The Top Five Cybersecurity Predictions for 2023
By James Mignacca, CEO at Cavelo
Changing workforce and
business operations are shifting the cybersecurity landscape, and the
technologies we use on a daily basis.
Prediction #1: Risk tolerance will impact security controls - and
apply pressure to make sure they're enforced. An ever-increasing volume of
data breaches is forcing companies to understand their digital footprint and
the importance of ensuring good cybersecurity hygiene and best practices.
However, there is still a lack of understanding when it comes to mapping out
digital assets and the sensitive data they contain, which makes it hard for
teams to grasp their level of risk tolerance. This will continue to be a
problem in 2023, as companies grapple with the amount of data they have and how
to protect it all across an ever-expanding attack surface.
Prediction #2: Cyber insurance policy requirements will focus on
third party risk in the policy holder's supply chain. The supply chain is
only as strong as its weakest link and our move to distributed infrastructure
means there are a lot of weak links. As a result, insurance companies will put
pressure on policy holders to demonstrate controls in place that cover third
party risk - which will include cloud service providers.
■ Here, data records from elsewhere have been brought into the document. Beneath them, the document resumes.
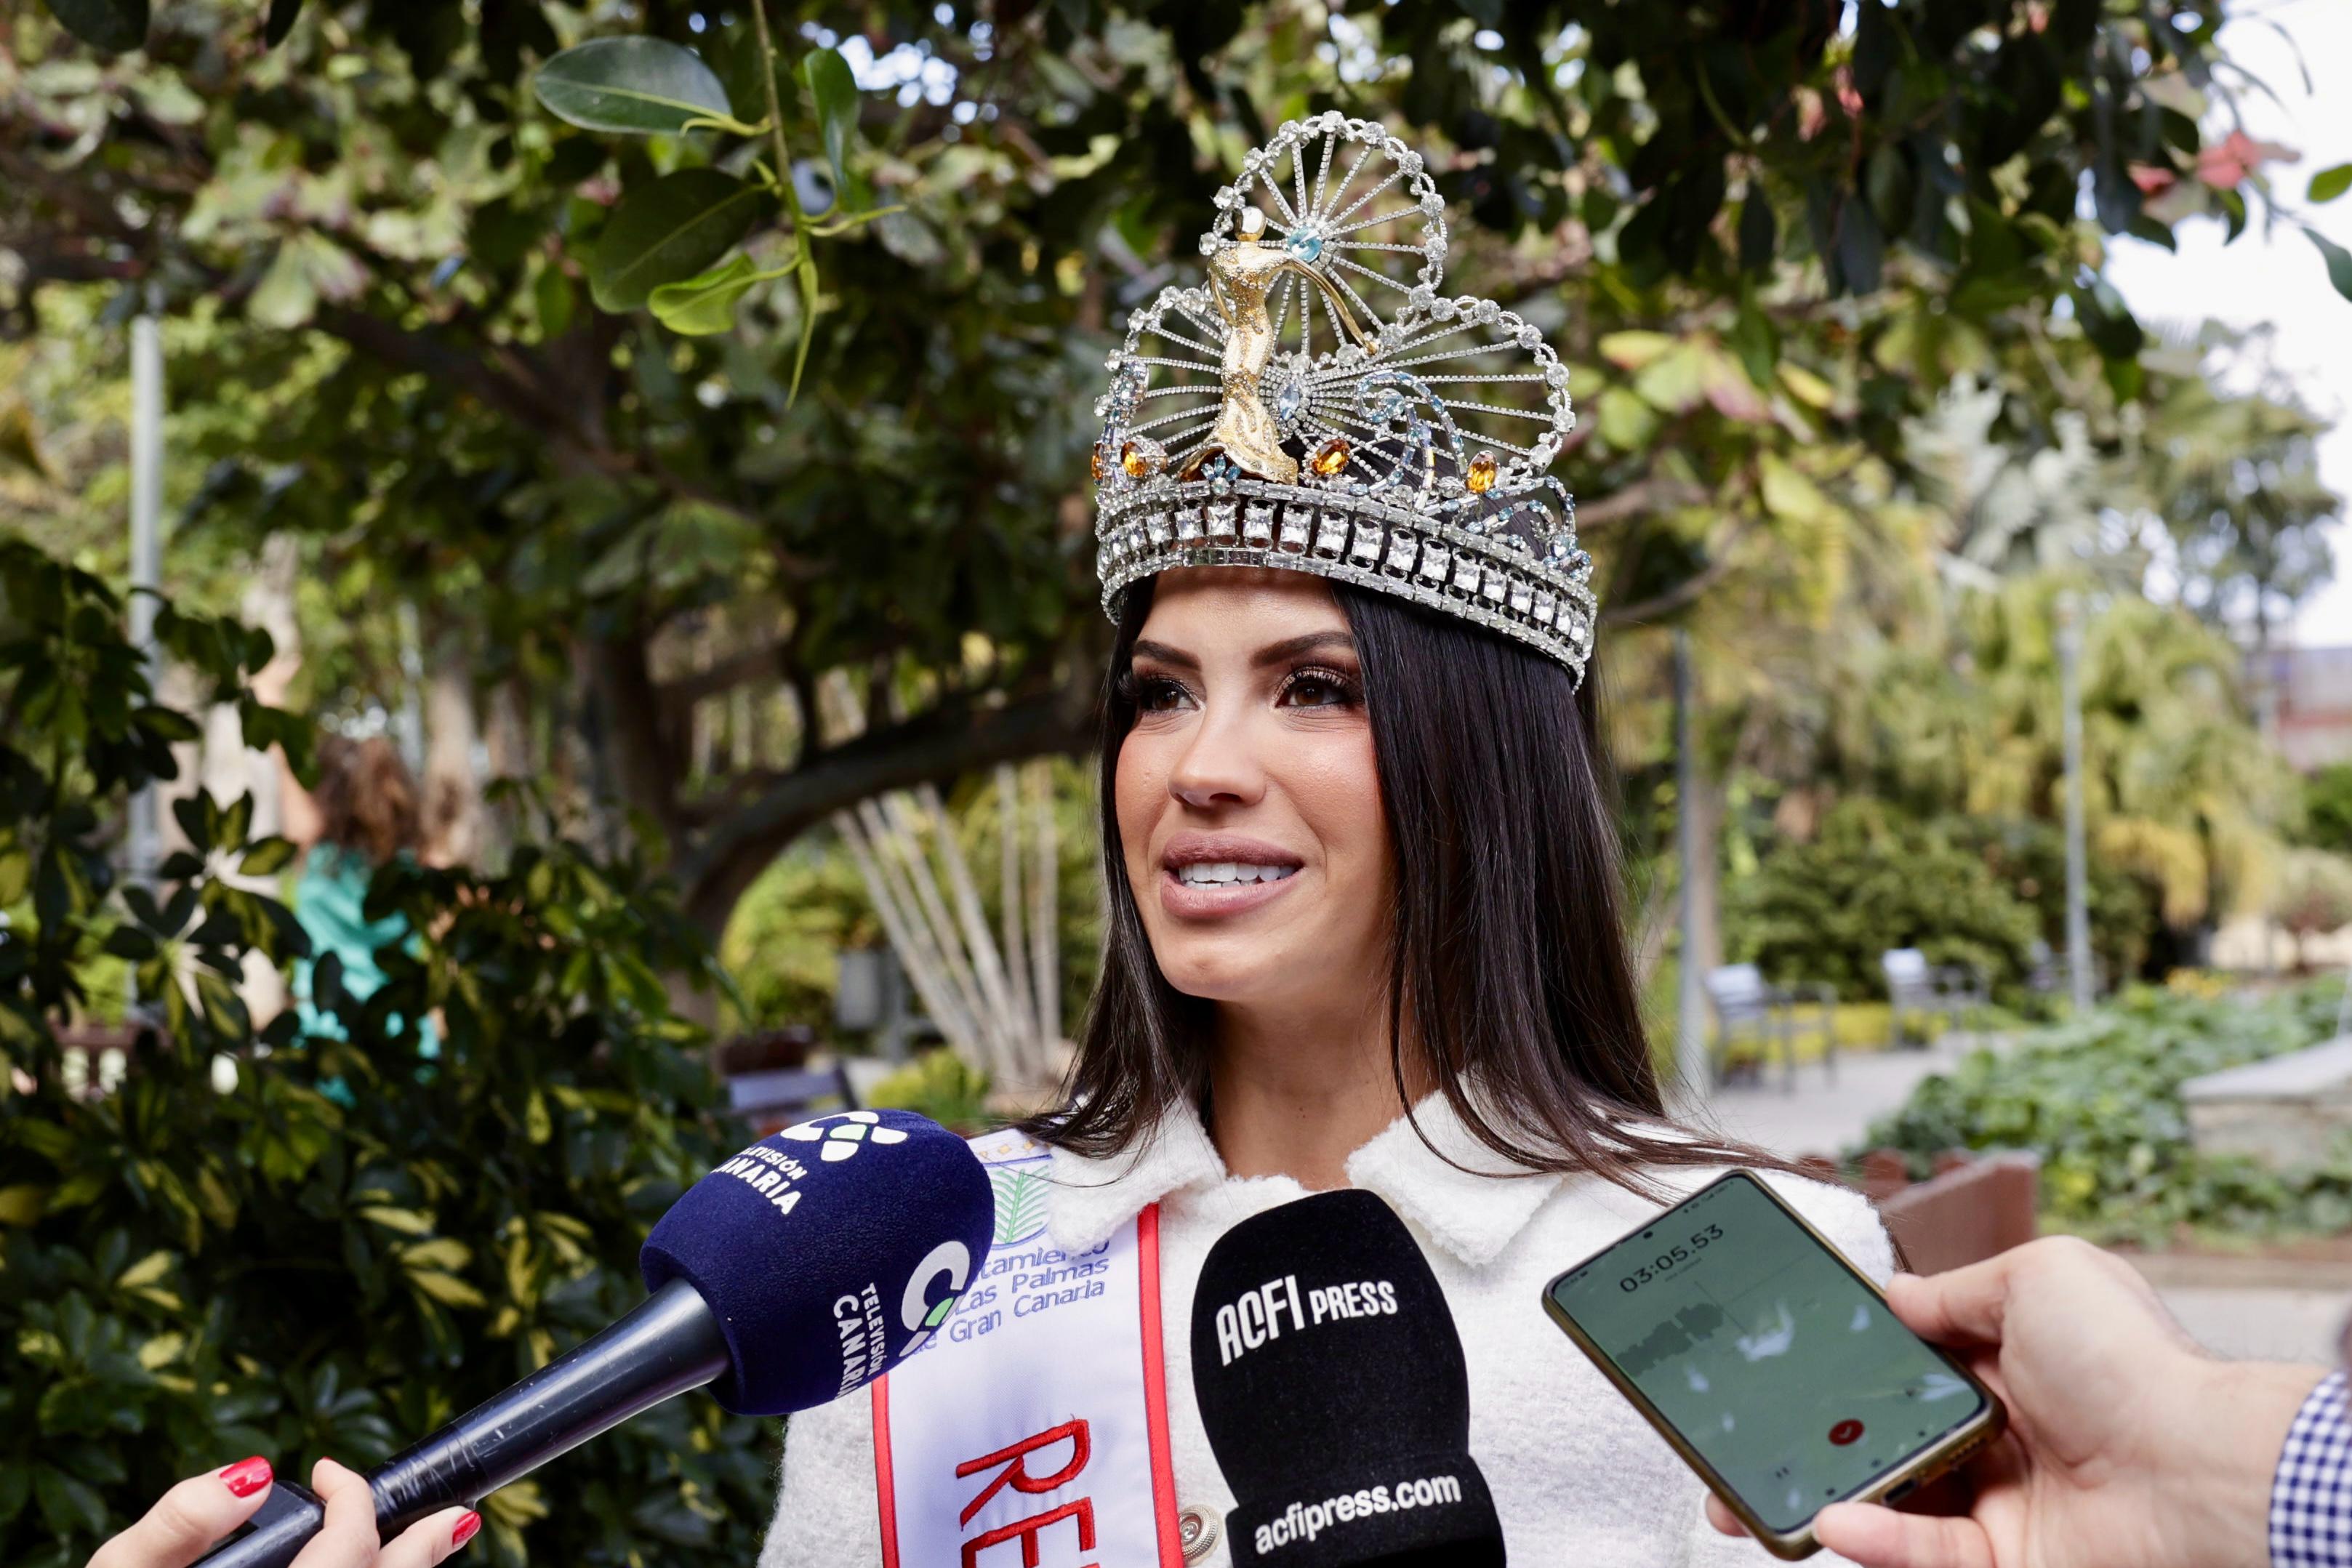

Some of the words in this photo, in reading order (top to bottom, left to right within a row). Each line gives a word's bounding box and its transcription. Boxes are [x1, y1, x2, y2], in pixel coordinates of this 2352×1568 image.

[710, 1157, 802, 1215] ANARIA
[1011, 1258, 1109, 1294] Palmas
[1619, 1223, 1724, 1293] 03:05.53
[861, 1282, 887, 1376] TELEVISIÓN
[950, 1309, 1002, 1343] Gran
[1014, 1279, 1106, 1318] Canaria
[1216, 1274, 1305, 1367] ACFI
[1309, 1280, 1398, 1325] PRESS
[955, 1418, 1100, 1568] RE
[1255, 1475, 1462, 1555] acfipress.com
Prediction #3: Technology consolidation WILL happen and be driven
by companies recognizing that they don't have adequate staff to run enterprise
tools. The number of enterprise tools in play continues to grow at an
alarming rate, and many companies are struggling to keep up. In 2023, expect to
see a consolidation of these tools across the security stack as companies
realize they can't staff enough people to run them all effectively. Many
businesses purchased tools due to regulatory pressure, so they could "tick the
box". But enterprise tools are complex and need specialized skillsets to run
them (think identity management, asset management and vulnerability management
tools). Companies will realize that they can't carry tools simply to have their
investments gathering dust.
Prediction #4: Recession implications on staffing limitations
will heighten the gap in protecting the supply chain, especially in regulated
industries like financial services. The economic downturn has had (and will
continue to have) far-reaching implications, one of which is a decrease in
staffing levels at many companies. This staffing shortage is especially
prevalent in industries like financial services where there are already
stringent regulations around cybersecurity controls. Opportunistic attackers
will take advantage and a lack of staff will only heighten the gap in guarding
against attacks.
Prediction #5: Moving large primary data sets (which include
valuable data) to cloud services will expand the attack surface. As more
companies migrate data to the cloud, they are exposed to new risks. These risks
include exposed APIs, misconfigured servers, and weak authentication practices.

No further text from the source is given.